We have a few “fans” who delight in telling us how sick and perverted we are. We never publish those comments. I think it’s interesting that some people react so strongly to power exchanges like ours, that they can’t believe there is any possibility that Mrs. Lion isn’t a deranged sadist and I a spineless victim. These comments go on at great length about the evil that lives within our relationship.
I’m complemented that our writing inspires such passion. I’m perfectly happy to have readers who study our words to discover the depths of our depravity. One of them recently wrote that we write disparagingly about people who are “vanilla”. We were accused of insulting “normal” people who don’t share our interests. That’s a little puzzling. I don’t think we ever refer to vanilla sex except as a contrast to how we deviate from it. Actually, I’m not sure how our sex is any different from the way others do it.
There is one area of sex where we are different than many. Even though Mrs. Lion isn’t interested in sex for herself, she makes sure the only sexual frustration I feel is what she intends me to feel. We have an active-if-one-way sexual relationship. There are very few days a year when I don’t get sexually stimulated by my lioness. Almost all of it is manual stimulation. When she intends to allow me to ejaculate, about 1/3 of the time uses her mouth. Almost all of the teasing and edging and two thirds of the orgasms are produced by her hands. My hands are never involved.
This is certainly not typical. I’m sure that the vast majority of men use their own hands to get off on a regular basis. If they say they have a good sex life with their wives, it almost certainly means they are having regular vaginal intercourse. That’s fine. I have nothing at all against vaginal intercourse. Since I’ve only had it twice in the last four years, I’ve clearly learned to enjoy the alternatives Mrs. Lion provides. I would have to say that at this point I absolutely prefer her hands and her mouth.
Thinking back, way back, to times before Mrs. Lion, I always preferred oral and manual orgasms. Obviously, I enjoyed the vaginal sort as well; I do have two kids. But, given a choice I would always opt for a blow job or a hand job. By the way, because vaginal penetration isn’t on the menu, that doesn’t mean we can’t enjoy sexual variety. Admittedly, almost all of my sex takes place with me on my back, legs spread wide apart. I also like the “milking position”. For that, I’m on my knees legs apart, and Mrs. Lion is behind me holding my cock and balls out through my legs while she “milks” me. I guess that’s my version of doggy style.
For oral sex, the most comfortable position for both of us is with me on my back legs wide apart, generally knees bent with my feet flat on the bed. This gives her the easiest access to my penis, and if she’s in the mood, my anus for some nice stimulation. She can’t reach my anus if my legs are flat on the bed.
Very often, sexual activity begins with Mrs. Lion snuggled with her head on my chest. Her free hand finds its way between my legs and she plays with my balls and begins masturbating me. After a while, her usual habit is to sit up on the bed crossed-legged next to me. This is a comfortable position to give me a hand job.
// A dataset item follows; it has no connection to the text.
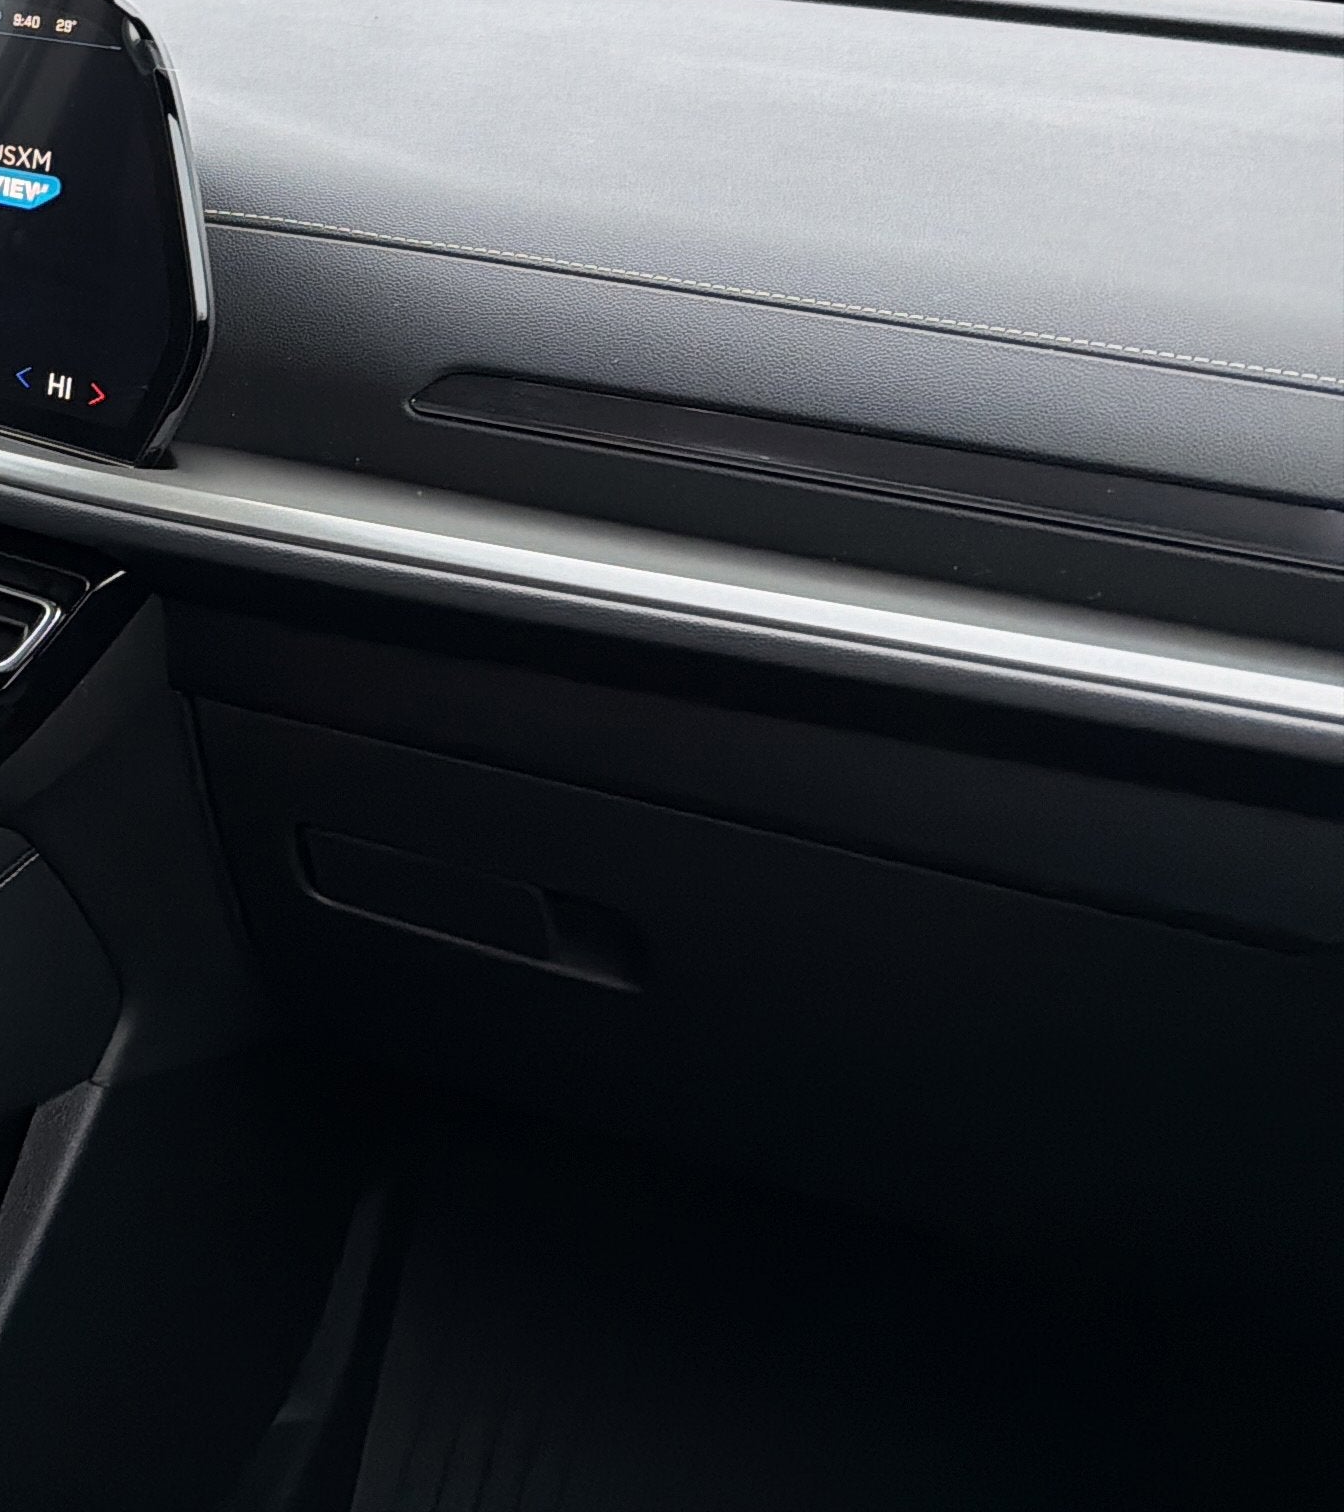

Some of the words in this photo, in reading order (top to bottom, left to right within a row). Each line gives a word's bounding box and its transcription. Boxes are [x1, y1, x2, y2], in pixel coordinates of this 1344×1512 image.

[12, 13, 41, 29] 9:40
[55, 18, 77, 33] 29°
[46, 371, 73, 401] HI
We haven’t tried it, but if I got into the “doggy” position crosswise on the bed, she could sit behind me to jerk me off.
I don’t remember the last time I had an orgasm and I wasn’t on my back (See image top, right). I guess that’s another way we are sexually unusual. Many men have a harder time coming if they are on their backs. Some also need to have their legs together in order to come. I’m the opposite. I went browsing through our image library and nearly 100% of the pictures that feature my genitals, show me with my legs wide apart. I guess I’m trained to provide maximum access.
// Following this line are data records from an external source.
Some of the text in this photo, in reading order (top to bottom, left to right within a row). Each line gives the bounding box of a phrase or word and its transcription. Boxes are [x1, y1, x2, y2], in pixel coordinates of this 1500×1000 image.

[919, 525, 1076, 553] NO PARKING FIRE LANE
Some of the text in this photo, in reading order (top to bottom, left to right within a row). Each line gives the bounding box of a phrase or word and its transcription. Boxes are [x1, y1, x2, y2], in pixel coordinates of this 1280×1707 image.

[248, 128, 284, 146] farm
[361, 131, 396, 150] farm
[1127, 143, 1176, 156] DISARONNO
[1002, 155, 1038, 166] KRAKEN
The most important takeaway from all this is that we are both happy with this state of affairs. Regardless of how we compare to other couples, we’ve discovered what works for us.
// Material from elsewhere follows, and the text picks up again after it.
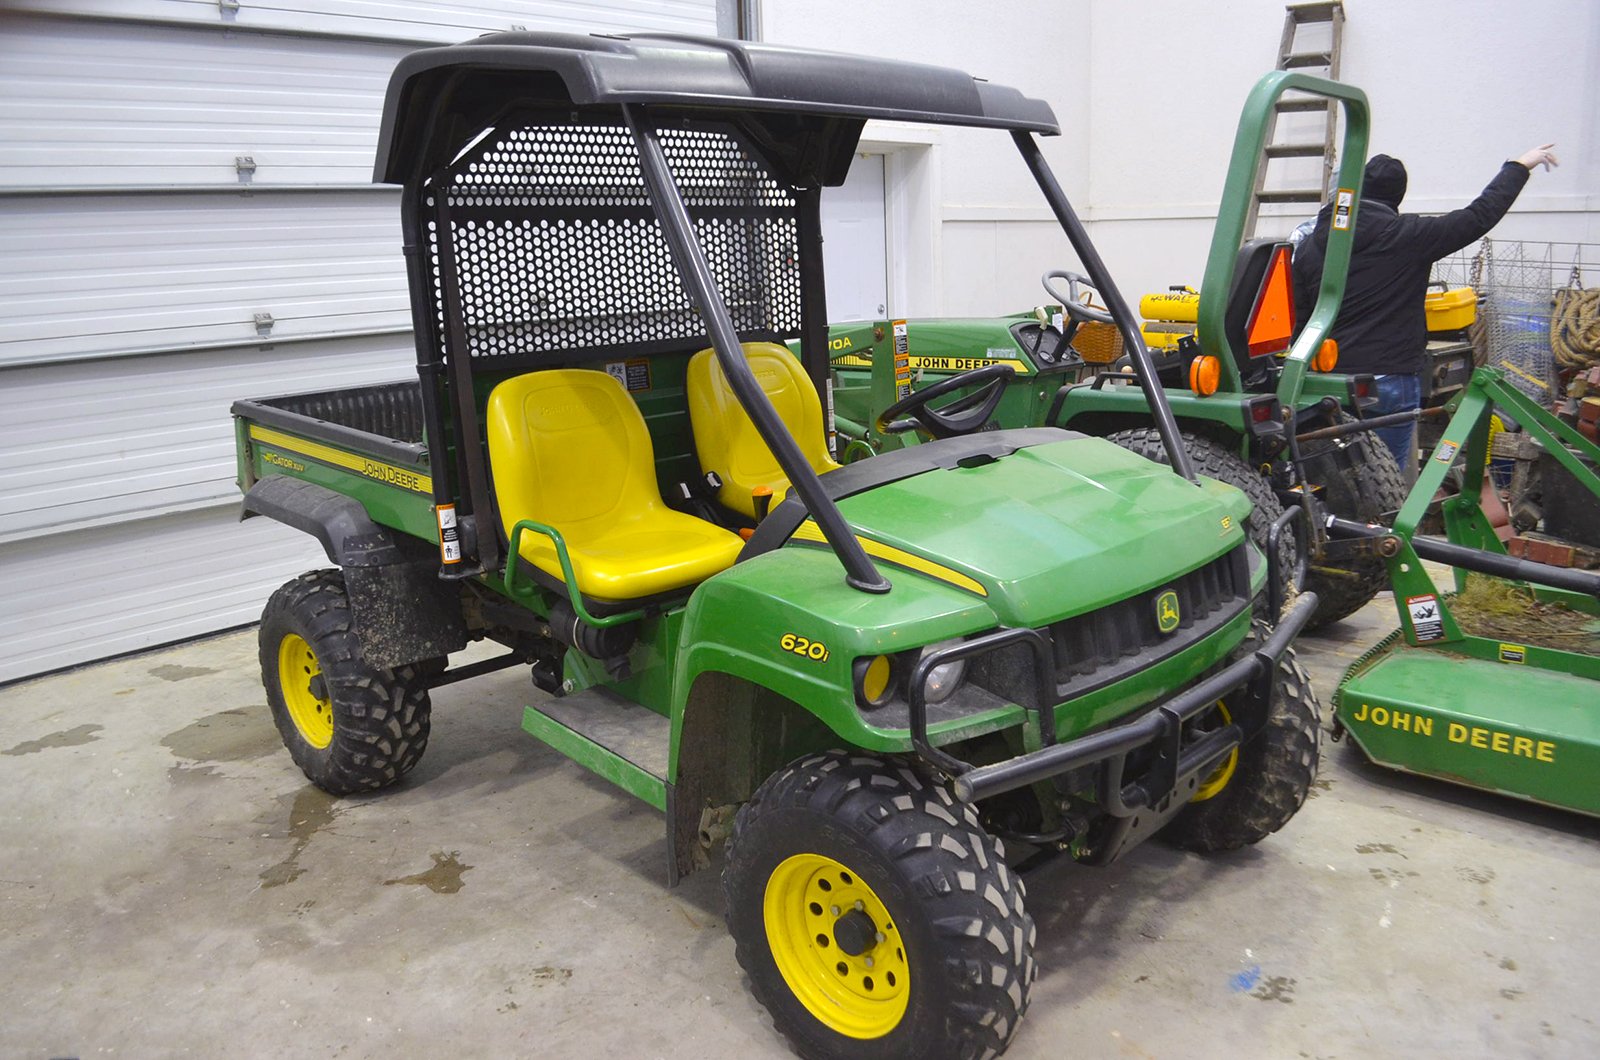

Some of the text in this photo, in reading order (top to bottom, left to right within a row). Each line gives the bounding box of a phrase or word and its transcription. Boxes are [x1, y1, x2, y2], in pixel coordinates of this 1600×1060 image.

[916, 357, 949, 369] JOHN
[362, 459, 420, 490] JOHN DEERE
[780, 633, 830, 663] 620i
[1354, 704, 1557, 763] JOHN DEERE
The most controversial difference between us and many others is our use of discipline. I’m sure that a very large percentage of couples don’t share power equally. In many so-called vanilla relationships, the wife clearly takes charge. In our case, we made a conscious decision that Mrs. Lion should be in charge. For a lot of reasons which we’ve mentioned in the past, I asked Mrs. Lion to use physical punishment as needed to correct me. I’m not going to go through the evolution of our spanking. Let’s just say that at this point I am painfully spanked when I break a rule or disobey Mrs. Lion.
This practice sets off our most strident detractors. I admit that it’s fairly unusual. But no matter how you feel about it, it’s fully consensual and we both believe that as our disciplinary relationship has evolved (Mrs. Lion has learned to become a stricter disciplinarian), the quality of our relationship continues to improve.
Yes, we are different. I don’t think we are very different. It doesn’t matter if we are or not. The fact is that in a couple of days we will celebrate our 14th anniversary. We can’t imagine not being with each other. We belong together. Despite what some may think, we are both committed to what we are doing and very glad it works for us.